Nasirpur is a village in Firozabad block of Firozabad district, Uttar Pradesh. It is located southeast of Firozabad. As of 2011, it had a population of 1,491, in 225 households.

== Geography ==
Nasirpur is located south-southeast of Firozabad, to the east of a small stream called the Ganda Nala. The village is surrounded by farmland on all sides. To the north, along the road leading from Firozabad, is the village of Barkatpur; to the northeast is the village of Paharpur; to the east is Jahangirpur; and to the south is Basai Muhammadpur.

== Demographics ==
As of 2011, Nasirpur had a population of 1,491, in 225 households. This population was 53.4% male (796) and 46.6% female (695). The 0–6 age group numbered 339 (181 male and 158 female), making up 22.7% of the total population. 76 residents were members of Scheduled Castes, or 5.1% of the total.

The 1981 census recorded Nasirpur as having a population of 480 people (252 male and 228 female), in 79 households and 79 physical houses.
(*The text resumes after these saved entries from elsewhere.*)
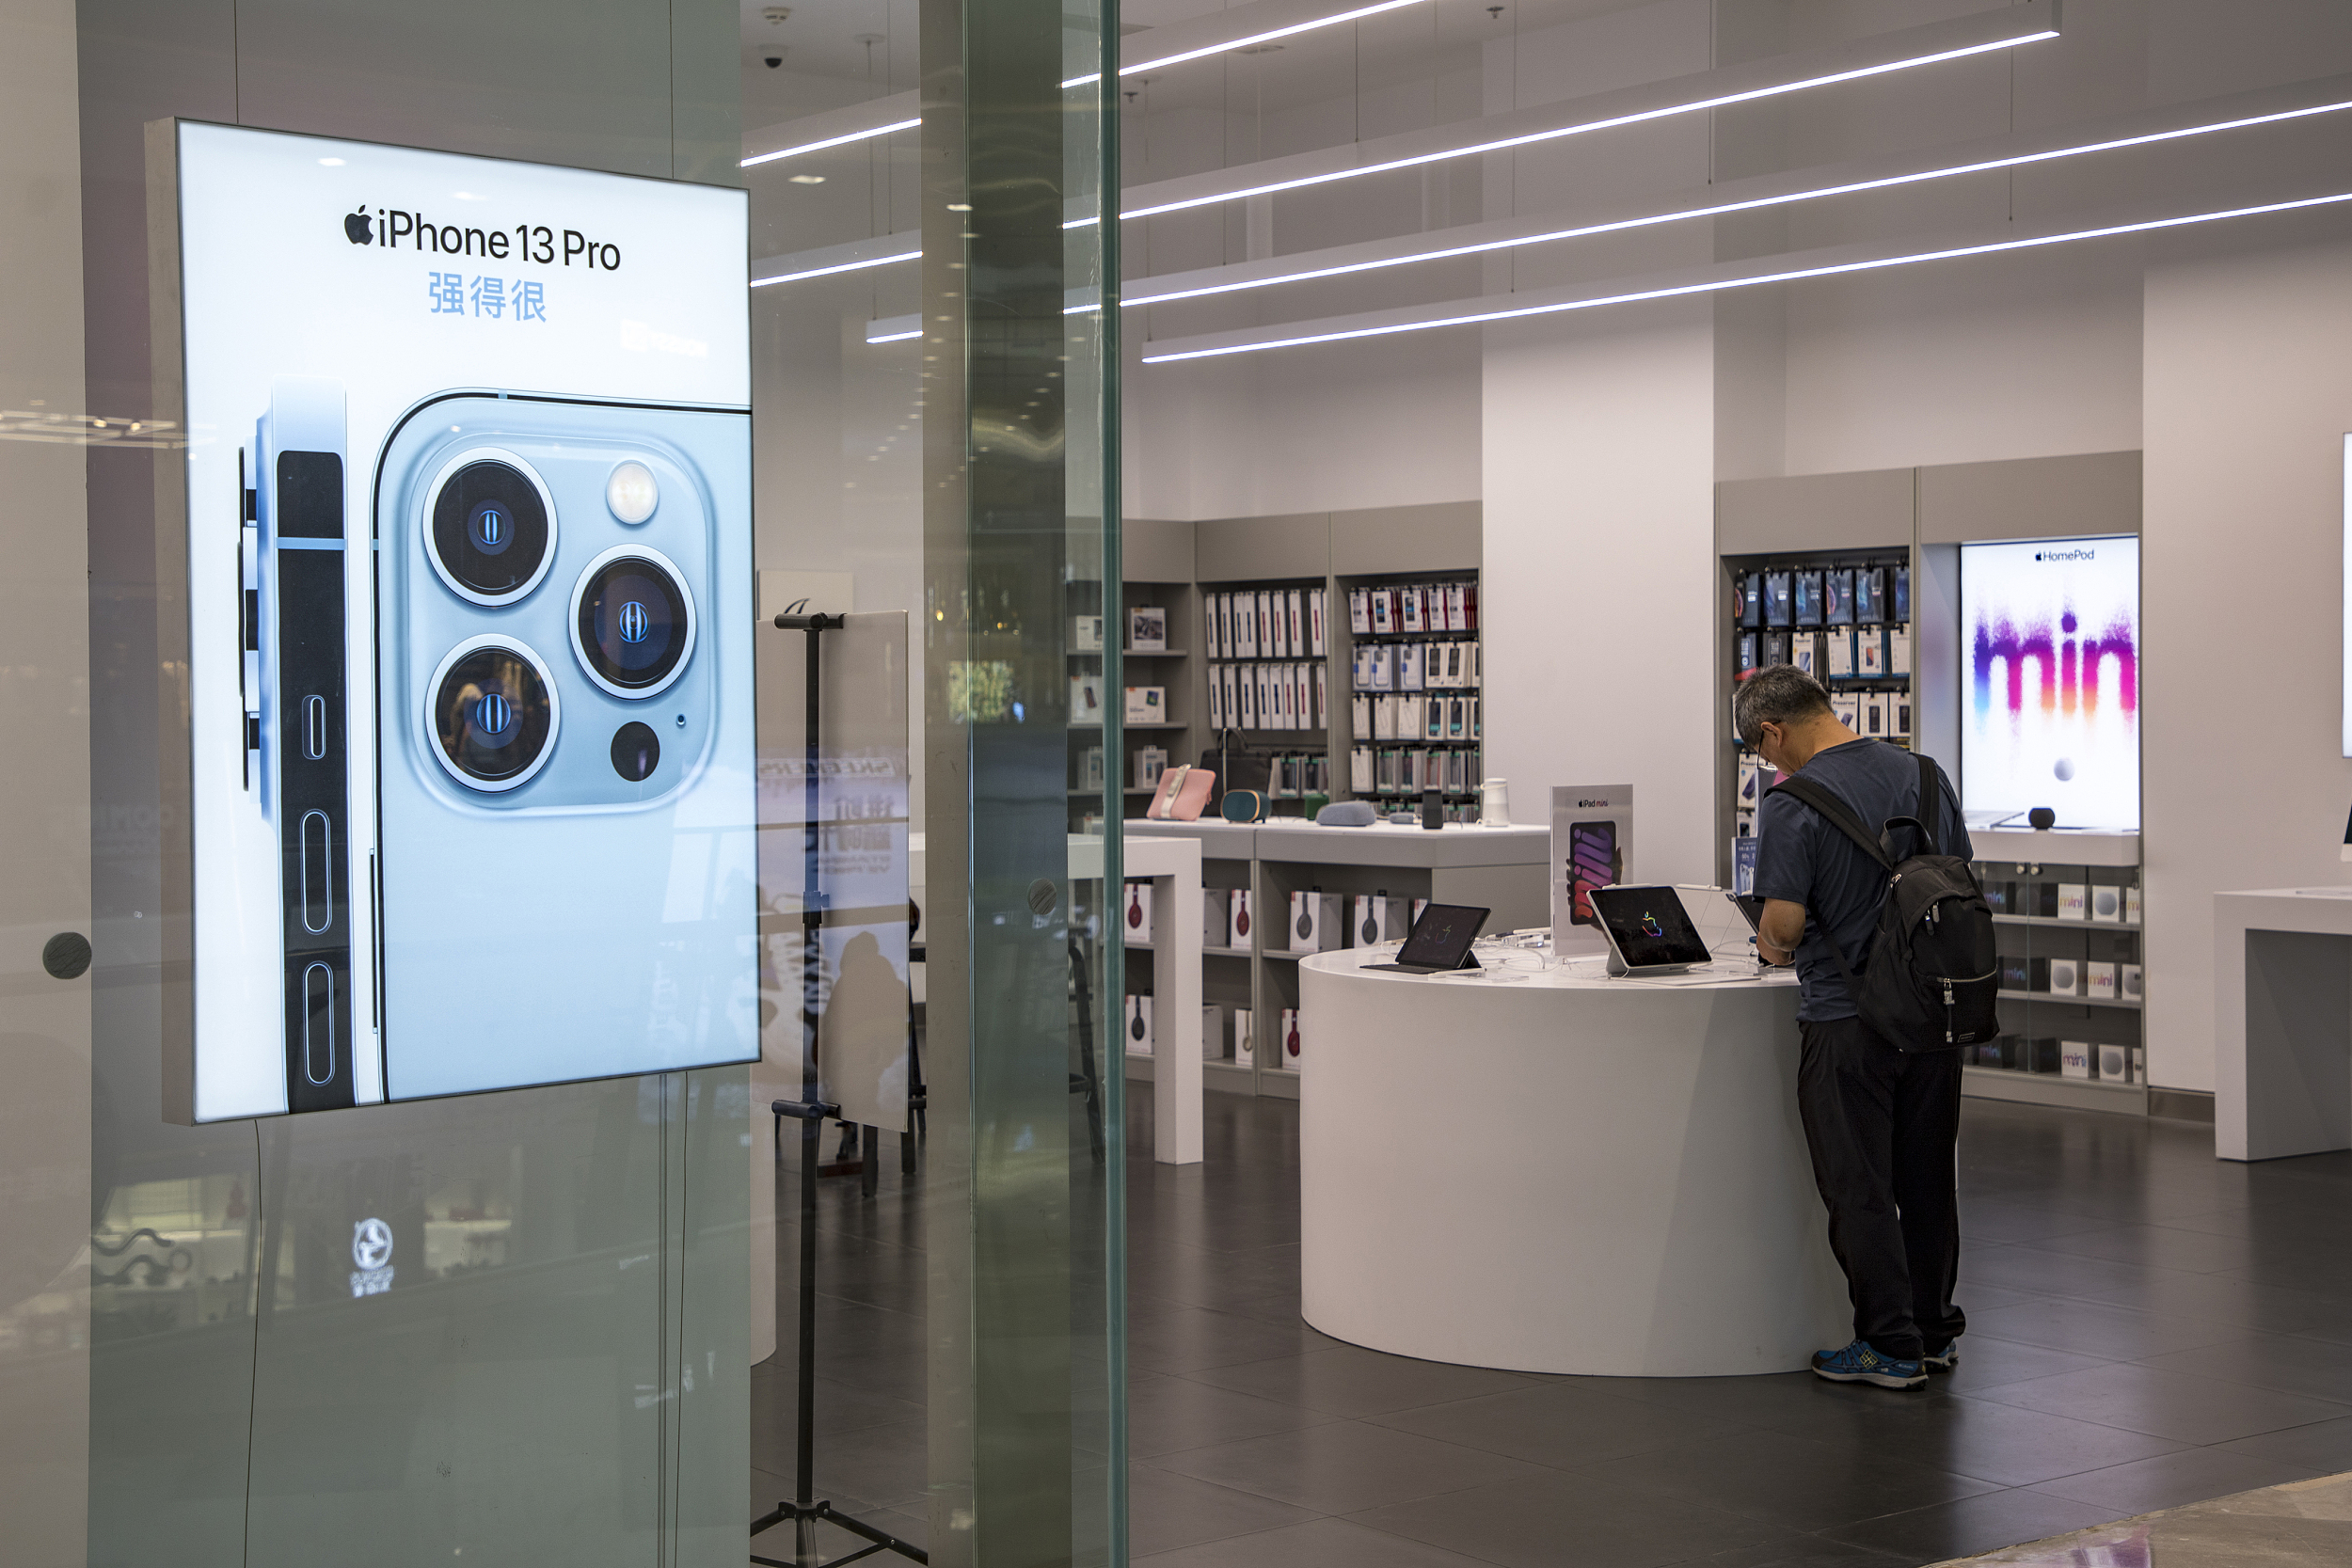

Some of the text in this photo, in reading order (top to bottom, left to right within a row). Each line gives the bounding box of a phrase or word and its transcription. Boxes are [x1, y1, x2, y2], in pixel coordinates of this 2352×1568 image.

[378, 208, 621, 271] iPhone 13 Pro
[428, 271, 548, 324] 强得很
[2042, 548, 2095, 562] HomePod
[1972, 608, 2137, 720] mini
[1582, 798, 1609, 808] iPad mini
[2058, 895, 2083, 909] mini
[2090, 973, 2113, 988] mini
[2062, 1052, 2088, 1069] mini
The 1961 census recorded Nasirpur as comprising 1 hamlet, with a total population of 360 people (179 male and 181 female), in 110 households and 86 physical houses. The area of the village was given as 247 acres.

== Infrastructure ==
As of 2011, Nasirpur had 1 primary school; it did not have any healthcare facilities. Drinking water was provided by hand pump; there were no public toilets. The village did not have a post office or public library; there was at least some access to electricity for all purposes. Streets were made of both kachcha and pakka materials.